Task statement:
Every record that follows should appear again in your answer, exactly the same.

[Free-text object descriptions]
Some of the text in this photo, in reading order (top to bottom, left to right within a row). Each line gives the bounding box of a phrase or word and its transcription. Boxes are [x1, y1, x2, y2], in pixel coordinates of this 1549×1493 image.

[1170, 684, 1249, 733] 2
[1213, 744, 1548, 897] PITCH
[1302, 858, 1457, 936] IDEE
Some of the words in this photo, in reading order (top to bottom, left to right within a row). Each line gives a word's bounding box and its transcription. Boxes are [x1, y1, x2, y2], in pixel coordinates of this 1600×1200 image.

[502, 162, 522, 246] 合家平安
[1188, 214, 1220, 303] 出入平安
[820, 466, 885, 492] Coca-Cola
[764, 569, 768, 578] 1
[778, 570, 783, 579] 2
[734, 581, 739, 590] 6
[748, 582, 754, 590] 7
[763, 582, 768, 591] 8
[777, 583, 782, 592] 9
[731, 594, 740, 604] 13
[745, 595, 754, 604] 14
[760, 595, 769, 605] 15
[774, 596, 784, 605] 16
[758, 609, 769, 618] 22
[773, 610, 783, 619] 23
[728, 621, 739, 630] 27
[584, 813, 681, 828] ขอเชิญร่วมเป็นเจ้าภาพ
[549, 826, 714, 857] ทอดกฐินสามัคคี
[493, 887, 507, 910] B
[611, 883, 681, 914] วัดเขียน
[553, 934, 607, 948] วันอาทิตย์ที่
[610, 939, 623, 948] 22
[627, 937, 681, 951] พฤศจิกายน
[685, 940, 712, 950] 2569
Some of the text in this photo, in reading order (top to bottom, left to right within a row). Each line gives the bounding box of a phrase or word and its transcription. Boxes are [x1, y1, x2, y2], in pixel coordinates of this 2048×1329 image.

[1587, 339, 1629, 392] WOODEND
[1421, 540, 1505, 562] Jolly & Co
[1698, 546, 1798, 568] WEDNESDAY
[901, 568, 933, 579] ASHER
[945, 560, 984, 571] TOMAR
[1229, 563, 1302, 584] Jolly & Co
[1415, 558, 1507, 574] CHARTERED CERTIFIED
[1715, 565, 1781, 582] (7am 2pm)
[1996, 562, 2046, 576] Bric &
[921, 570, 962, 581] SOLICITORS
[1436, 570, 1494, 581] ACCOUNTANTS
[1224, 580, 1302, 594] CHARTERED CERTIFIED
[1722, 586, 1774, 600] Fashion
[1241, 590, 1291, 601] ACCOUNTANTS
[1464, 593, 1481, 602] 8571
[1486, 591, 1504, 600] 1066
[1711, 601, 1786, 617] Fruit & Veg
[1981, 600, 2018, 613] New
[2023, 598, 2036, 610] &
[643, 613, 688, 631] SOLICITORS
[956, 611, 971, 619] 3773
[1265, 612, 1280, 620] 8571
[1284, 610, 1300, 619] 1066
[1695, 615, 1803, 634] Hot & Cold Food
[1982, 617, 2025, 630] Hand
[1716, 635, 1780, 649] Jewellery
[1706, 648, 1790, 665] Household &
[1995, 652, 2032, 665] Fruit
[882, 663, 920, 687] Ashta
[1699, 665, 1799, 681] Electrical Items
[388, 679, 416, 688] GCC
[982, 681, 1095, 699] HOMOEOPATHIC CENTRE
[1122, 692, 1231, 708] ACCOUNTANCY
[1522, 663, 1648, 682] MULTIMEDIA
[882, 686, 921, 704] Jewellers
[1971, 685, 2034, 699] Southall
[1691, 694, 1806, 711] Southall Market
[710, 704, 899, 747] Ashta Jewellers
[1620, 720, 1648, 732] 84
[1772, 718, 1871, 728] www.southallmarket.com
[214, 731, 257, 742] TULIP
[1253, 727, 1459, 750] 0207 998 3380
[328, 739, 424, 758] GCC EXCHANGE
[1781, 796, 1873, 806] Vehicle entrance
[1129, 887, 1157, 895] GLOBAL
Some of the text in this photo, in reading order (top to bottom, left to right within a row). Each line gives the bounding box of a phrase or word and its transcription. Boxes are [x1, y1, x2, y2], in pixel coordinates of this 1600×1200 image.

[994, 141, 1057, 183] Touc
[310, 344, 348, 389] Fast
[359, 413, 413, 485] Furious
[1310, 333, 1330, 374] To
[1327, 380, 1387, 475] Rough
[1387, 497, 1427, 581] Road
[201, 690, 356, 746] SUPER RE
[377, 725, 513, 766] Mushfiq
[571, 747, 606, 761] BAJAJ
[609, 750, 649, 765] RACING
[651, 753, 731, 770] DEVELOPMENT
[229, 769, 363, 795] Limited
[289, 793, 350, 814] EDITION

Exercise response:
Some of the text in this photo, in reading order (top to bottom, left to right within a row). Each line gives the bounding box of a phrase or word and its transcription. Boxes are [x1, y1, x2, y2], in pixel coordinates of this 1549×1493 image.

[1170, 684, 1249, 733] 2
[1213, 744, 1548, 897] PITCH
[1302, 858, 1457, 936] IDEE
Some of the words in this photo, in reading order (top to bottom, left to right within a row). Each line gives a word's bounding box and its transcription. Boxes are [x1, y1, x2, y2], in pixel coordinates of this 1600×1200 image.

[502, 162, 522, 246] 合家平安
[1188, 214, 1220, 303] 出入平安
[820, 466, 885, 492] Coca-Cola
[764, 569, 768, 578] 1
[778, 570, 783, 579] 2
[734, 581, 739, 590] 6
[748, 582, 754, 590] 7
[763, 582, 768, 591] 8
[777, 583, 782, 592] 9
[731, 594, 740, 604] 13
[745, 595, 754, 604] 14
[760, 595, 769, 605] 15
[774, 596, 784, 605] 16
[758, 609, 769, 618] 22
[773, 610, 783, 619] 23
[728, 621, 739, 630] 27
[584, 813, 681, 828] ขอเชิญร่วมเป็นเจ้าภาพ
[549, 826, 714, 857] ทอดกฐินสามัคคี
[493, 887, 507, 910] B
[611, 883, 681, 914] วัดเขียน
[553, 934, 607, 948] วันอาทิตย์ที่
[610, 939, 623, 948] 22
[627, 937, 681, 951] พฤศจิกายน
[685, 940, 712, 950] 2569
Some of the text in this photo, in reading order (top to bottom, left to right within a row). Each line gives the bounding box of a phrase or word and its transcription. Boxes are [x1, y1, x2, y2], in pixel coordinates of this 2048×1329 image.

[1587, 339, 1629, 392] WOODEND
[1421, 540, 1505, 562] Jolly & Co
[1698, 546, 1798, 568] WEDNESDAY
[901, 568, 933, 579] ASHER
[945, 560, 984, 571] TOMAR
[1229, 563, 1302, 584] Jolly & Co
[1415, 558, 1507, 574] CHARTERED CERTIFIED
[1715, 565, 1781, 582] (7am 2pm)
[1996, 562, 2046, 576] Bric &
[921, 570, 962, 581] SOLICITORS
[1436, 570, 1494, 581] ACCOUNTANTS
[1224, 580, 1302, 594] CHARTERED CERTIFIED
[1722, 586, 1774, 600] Fashion
[1241, 590, 1291, 601] ACCOUNTANTS
[1464, 593, 1481, 602] 8571
[1486, 591, 1504, 600] 1066
[1711, 601, 1786, 617] Fruit & Veg
[1981, 600, 2018, 613] New
[2023, 598, 2036, 610] &
[643, 613, 688, 631] SOLICITORS
[956, 611, 971, 619] 3773
[1265, 612, 1280, 620] 8571
[1284, 610, 1300, 619] 1066
[1695, 615, 1803, 634] Hot & Cold Food
[1982, 617, 2025, 630] Hand
[1716, 635, 1780, 649] Jewellery
[1706, 648, 1790, 665] Household &
[1995, 652, 2032, 665] Fruit
[882, 663, 920, 687] Ashta
[1699, 665, 1799, 681] Electrical Items
[388, 679, 416, 688] GCC
[982, 681, 1095, 699] HOMOEOPATHIC CENTRE
[1122, 692, 1231, 708] ACCOUNTANCY
[1522, 663, 1648, 682] MULTIMEDIA
[882, 686, 921, 704] Jewellers
[1971, 685, 2034, 699] Southall
[1691, 694, 1806, 711] Southall Market
[710, 704, 899, 747] Ashta Jewellers
[1620, 720, 1648, 732] 84
[1772, 718, 1871, 728] www.southallmarket.com
[214, 731, 257, 742] TULIP
[1253, 727, 1459, 750] 0207 998 3380
[328, 739, 424, 758] GCC EXCHANGE
[1781, 796, 1873, 806] Vehicle entrance
[1129, 887, 1157, 895] GLOBAL
Some of the text in this photo, in reading order (top to bottom, left to right within a row). Each line gives the bounding box of a phrase or word and its transcription. Boxes are [x1, y1, x2, y2], in pixel coordinates of this 1600×1200 image.

[994, 141, 1057, 183] Touc
[310, 344, 348, 389] Fast
[359, 413, 413, 485] Furious
[1310, 333, 1330, 374] To
[1327, 380, 1387, 475] Rough
[1387, 497, 1427, 581] Road
[201, 690, 356, 746] SUPER RE
[377, 725, 513, 766] Mushfiq
[571, 747, 606, 761] BAJAJ
[609, 750, 649, 765] RACING
[651, 753, 731, 770] DEVELOPMENT
[229, 769, 363, 795] Limited
[289, 793, 350, 814] EDITION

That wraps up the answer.